# Show us your Tarantulas/setups



## ChrisZhang (Nov 3, 2009)

Im really interested in these i wanna get one of the green scorpion.
So if you have any post your pics and any info re them would be great too
cheers


----------



## CML88 (Nov 3, 2009)

Cant get tarantulas in WA


----------



## Niall (Nov 4, 2009)

CML88 said:


> Cant get tarantulas in WA


 
Thats what they say but there isn't anything on the DEC website saying we cant have them or any paper work signed from the head of DEC saying WA people are not allowed to keep them as pets.
They are great pets!

Cant wait to see the set ups people have.


----------



## CML88 (Nov 4, 2009)

Niall said:


> Thats what they say but there isn't anything on the DEC website saying we cant have them or any paper work signed from the head of DEC saying WA people are not allowed to keep them as pets.
> They are great pets!
> 
> Cant wait to see the set ups people have.


 

Yea i just found that out from a reptile shop, asked if they sold tarantulas said you cant get em. but there must be a way! id love a red knee mexican !


----------



## Tsubakai (Nov 4, 2009)

CML88 said:


> Yea i just found that out from a reptile shop, asked if they sold tarantulas said you cant get em. but there must be a way! id love a red knee mexican !



Can't get any exotic tarantulas in Australia (they are in the same category as exotic reptiles) - the ones he is asking about are Aus natives which are completely legal in most states.


----------



## webcol (Nov 4, 2009)

When i find some pictures of my one i will post em.
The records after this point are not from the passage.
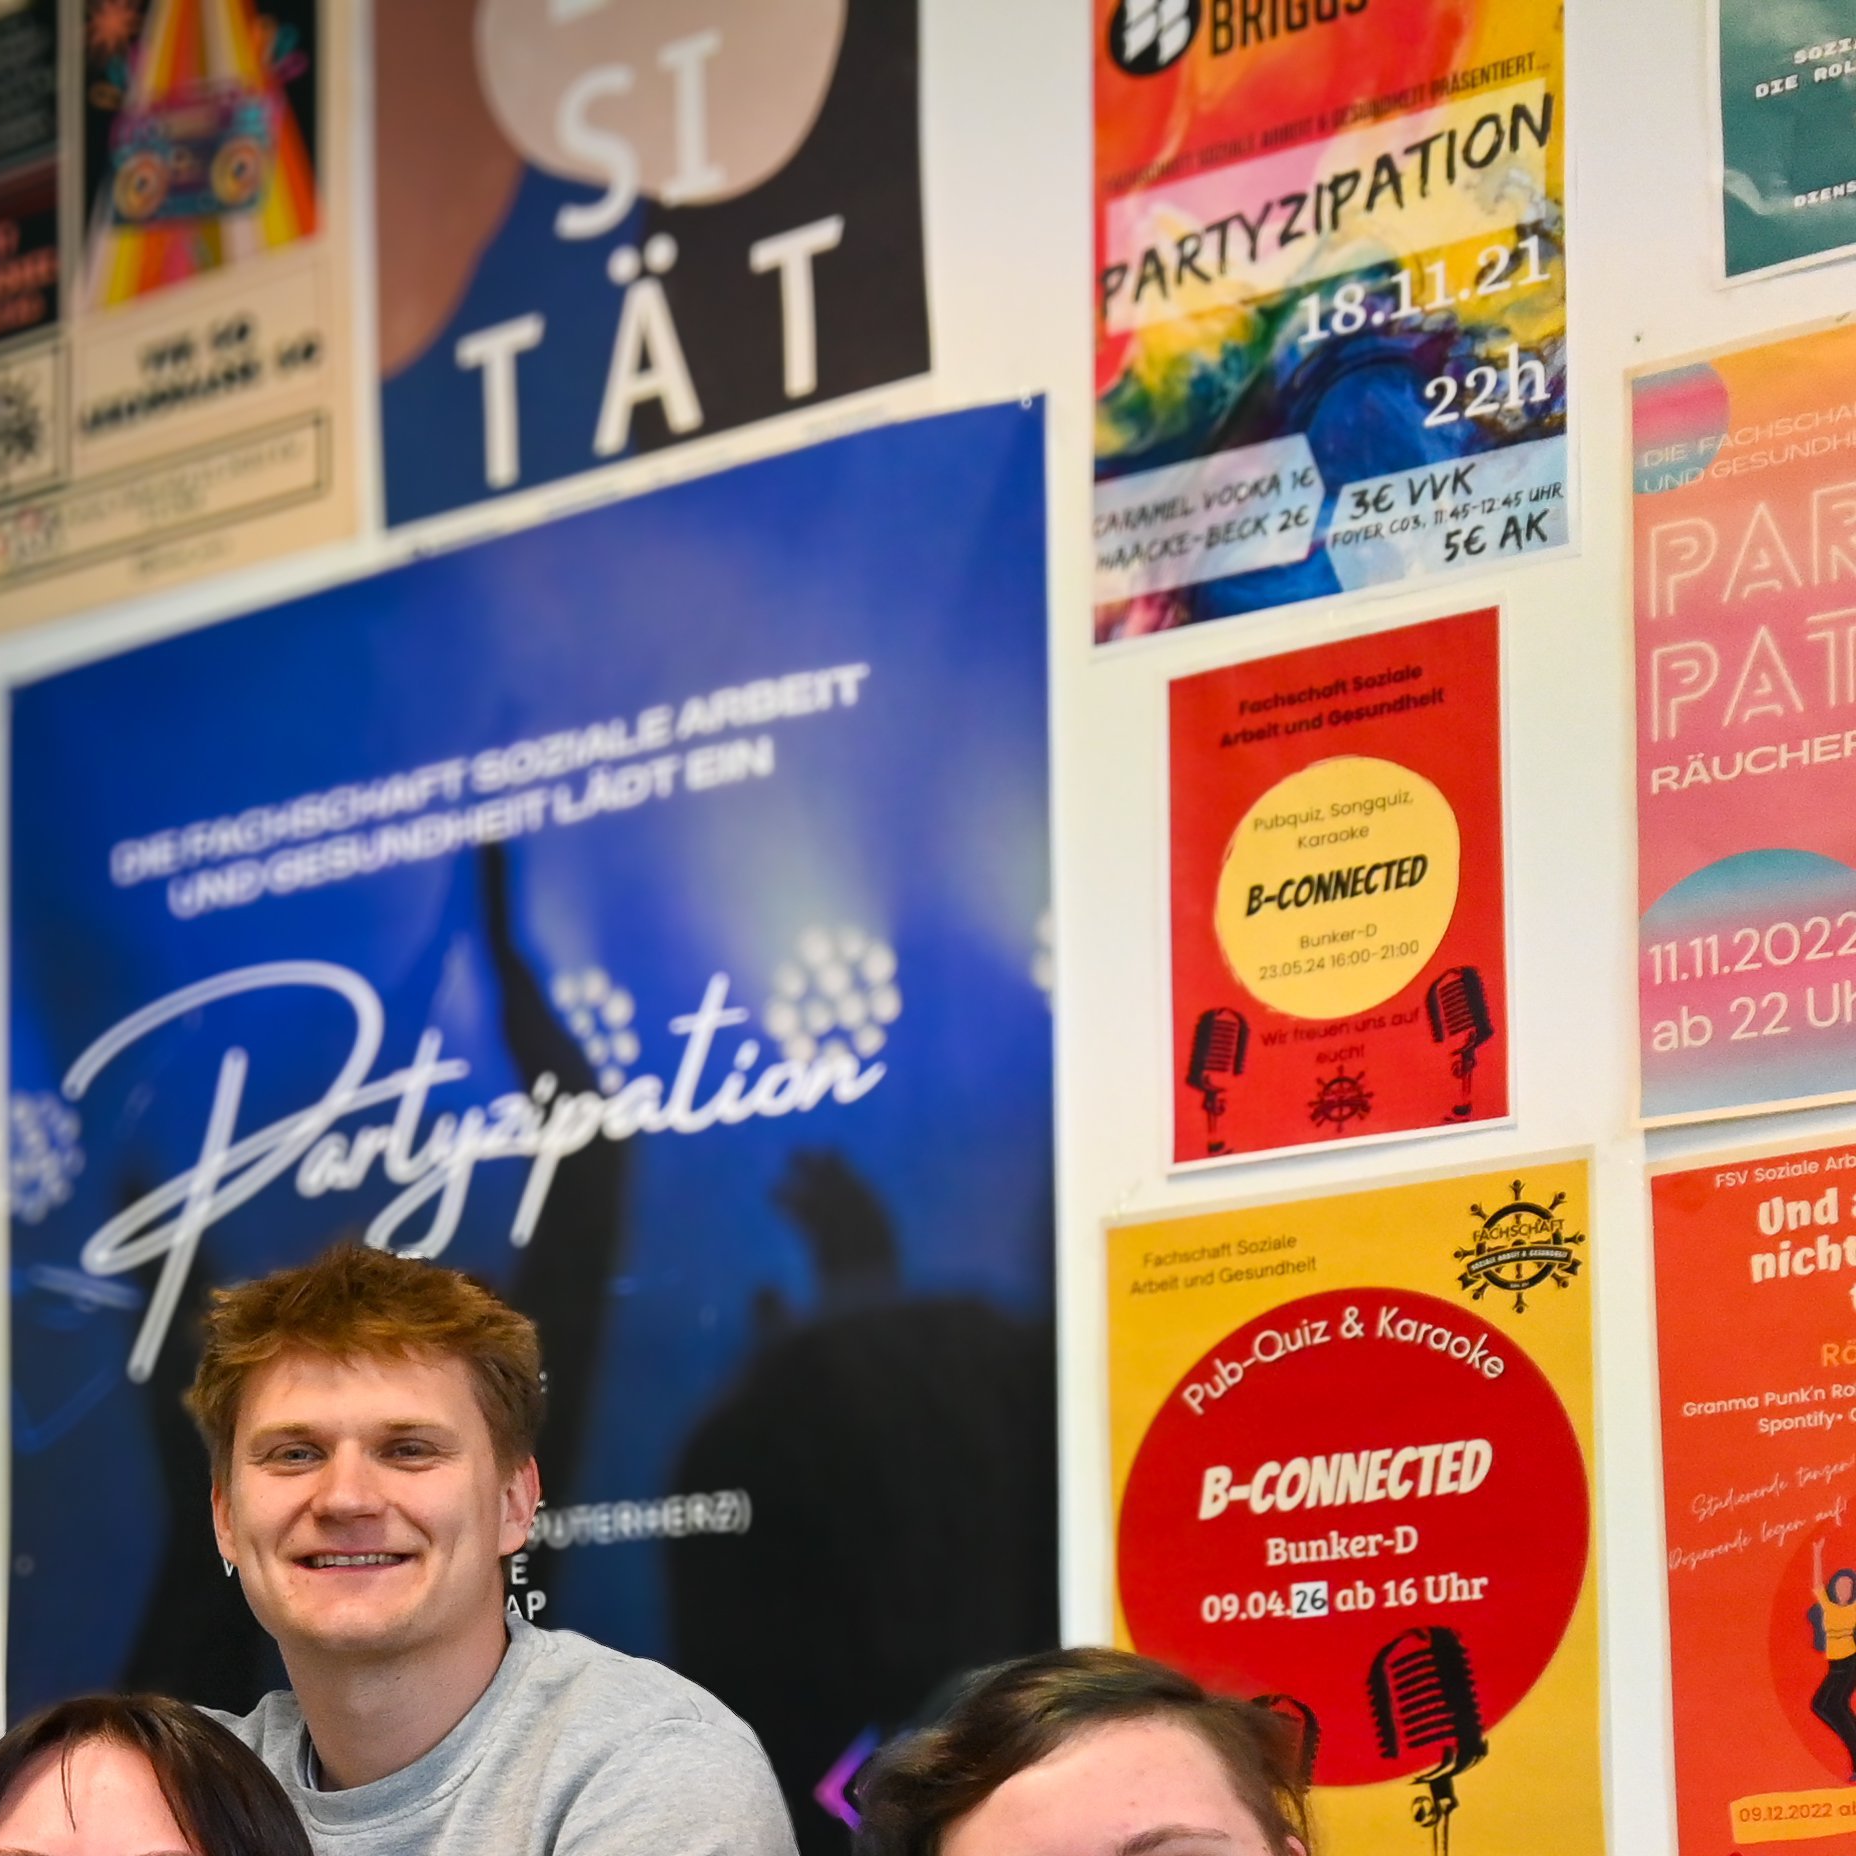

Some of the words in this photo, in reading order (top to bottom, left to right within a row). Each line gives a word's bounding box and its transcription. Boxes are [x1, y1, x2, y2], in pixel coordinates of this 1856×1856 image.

[1755, 73, 1800, 100] DIE
[1097, 90, 1558, 316] PARTYZIPATION
[1297, 233, 1551, 347] 18.11.21
[454, 213, 845, 491] TÄT
[1421, 341, 1552, 431] 22h
[1642, 441, 1690, 469] DIE
[1698, 401, 1856, 454] FACHSCHA
[1643, 465, 1706, 494] UND
[1710, 428, 1856, 480] GESUNDH
[1090, 495, 1195, 541] CARAMEL
[1201, 472, 1282, 513] VODKA
[1289, 464, 1316, 493] 1€
[1330, 522, 1386, 551] FOYER
[1527, 480, 1566, 505] UHR
[1348, 482, 1397, 521] 3€
[1406, 461, 1478, 508] VVK
[1277, 504, 1311, 533] 2€
[1442, 527, 1488, 564] 5€
[1499, 508, 1551, 551] AK
[1238, 678, 1349, 717] Fachschaft
[1351, 664, 1424, 693] Soziale
[1219, 722, 1281, 749] Arbeit
[1283, 712, 1325, 737] und
[1327, 686, 1446, 728] Gesundheit
[108, 826, 184, 888] DIE
[180, 755, 470, 864] FACHSCHAFT
[469, 702, 675, 794] SOZIALE
[675, 661, 872, 742] ARBEIT
[166, 857, 267, 921] UND
[261, 786, 550, 895] GESUNDHEIT
[551, 753, 683, 827] LÄDT
[682, 732, 776, 793] EIN
[1329, 788, 1415, 818] Songquiz,
[1296, 824, 1371, 851] Karaoke
[1245, 853, 1429, 918] B-CONNECTED
[1259, 956, 1326, 982] 23.05.24
[1329, 938, 1421, 970] 16:00-21:00
[1299, 922, 1378, 950] Bunker-D
[1647, 910, 1856, 986] 11.11.2022
[1260, 1028, 1290, 1048] Wir
[1293, 1021, 1351, 1043] freuen
[1354, 1016, 1386, 1033] uns
[1390, 1006, 1421, 1027] auf
[1651, 1005, 1714, 1052] ab
[1729, 991, 1792, 1041] 22
[1315, 1043, 1366, 1065] euch!
[59, 958, 888, 1384] Partyzipation
[1714, 1168, 1750, 1189] FSV
[1753, 1159, 1820, 1183] Soziale
[1472, 1218, 1565, 1243] FACHSCHAFT
[1757, 1186, 1840, 1237] Und
[1130, 1276, 1180, 1296] Arbeit
[1183, 1269, 1215, 1288] und
[1218, 1255, 1318, 1284] Gesundheit
[1142, 1242, 1232, 1268] Fachschaft
[1237, 1233, 1298, 1257] Soziale
[1181, 1318, 1331, 1416] Pub-Quiz
[1339, 1304, 1365, 1339] &
[1377, 1305, 1506, 1381] Karaoke
[1682, 1394, 1761, 1418] Granma
[1197, 1437, 1494, 1521] B-CONNECTED
[1691, 1471, 1790, 1524] Studierende
[1265, 1525, 1420, 1567] Bunker-D
[1761, 1518, 1807, 1547] legen
[1334, 1579, 1376, 1612] ab
[1382, 1577, 1418, 1609] 16
[1423, 1571, 1490, 1605] Uhr
[1739, 1802, 1834, 1823] 09.12.2022
I got a Pseudocraspies


----------



## Brettix (Nov 4, 2009)

Heres one


----------



## diamondgal79 (Nov 4, 2009)

My son wants a spidey im not so sure


----------



## ChrisZhang (Nov 5, 2009)

has anyone bought off thegreenscorpion?


----------



## Spike (Nov 5, 2009)

Hey yeh i got my spider from the green scorpion and they were great to deal with and great spider i got


----------



## ThatTyeGuy (Nov 5, 2009)

yeh ive bought off him, Greg is a knowledgeable fella and hes is very well priced compared to a pet store. If your buying a first tarantula id say go for one about 70-100mm or a sling so that you can watch them grow which is always interesting.


----------



## ChrisZhang (Nov 5, 2009)

yeh my mum is buying me one for my birthday on the 30th of december


----------



## gecko-mad (Nov 5, 2009)

what type are you getting? also if your getting into inverts join Australian Invertebrate Forum - Powered by vBulletin great site


----------



## wasgij (Nov 5, 2009)

gecko-mad said:


> what type are you getting? also if your getting into inverts join Australian Invertebrate Forum - Powered by vBulletin great site


 
if your after info that'd be the way to go, knowledgable people, you should find all the info you need.


----------



## 888lowndes888 (Nov 5, 2009)

Where is Mr Cracksinthepitch when you need him?? Haha not sure if he has Tarantula's but has every other spider under the sun.


----------



## ChrisZhang (Nov 9, 2009)

bump


----------



## Rainbow-Serpent (Nov 9, 2009)

888lowndes888 said:


> Where is Mr Cracksinthepitch when you need him?? Haha not sure if he has Tarantula's but has every other spider under the sun.


 Yeah I think he has tarantulas, he put photos of them on facebook. 

I've never held a spider before, next time I go to petcity I might ask if I can hold a small one.... I'm a little scared of them... but hey, a couple of years back I thought all snakes were slimey, poisonous, ferocious creatures, but after I held one a thought otherwise. So it could happen....


----------



## ChrisZhang (Nov 9, 2009)

is it illegal to feed spiders that live in your back yard, because i caught a dragon fly and threw it into a web and the spider ran to it and ate it.


----------



## PimmsPythons (Nov 9, 2009)

my Stents. i dont handle her but she is quite placid.i used to have a crassipes that was a bit firey ,but she ended up getting killed but ants that had gotten into her tank the same day she molted.
cheers
simon


----------



## Vixen (Nov 9, 2009)

I didn't know you had T's, nice!


----------



## ChrisZhang (Nov 9, 2009)

Phlogius Sarina 30 mm
thats what im getting for my bday, does anyone own these?


----------



## PimmsPythons (Nov 9, 2009)

VixenBabe said:


> I didn't know you had T's, nice!



just the 1
heres some we played with from central america and the amazon.


----------



## ashisnothereman (Nov 10, 2009)

S. nebo


----------



## ChrisZhang (Nov 23, 2009)

has anyone got a king baboon tarantula or a cobalt blue or goliath?


----------



## Gizzard (Feb 8, 2010)

ChrisZhang said:


> has anyone got a king baboon tarantula or a cobalt blue or goliath?


 
I remember back to when i went to america a few years ago, and a fella i met there who kept a huge amount of Cobalt Blues, along with a massive amount of other T's. He invited me around to check out his collection. he asked me if i would like to hold one of the Cobalts, and the big fella was awesome, ran right up my back and down the other side.

But then he goes, wanna hold one of the younger ones, and the little young one managed to rip my arm to shreads and i had to re schedule my flight home because i was in hospital getting stiches etc


----------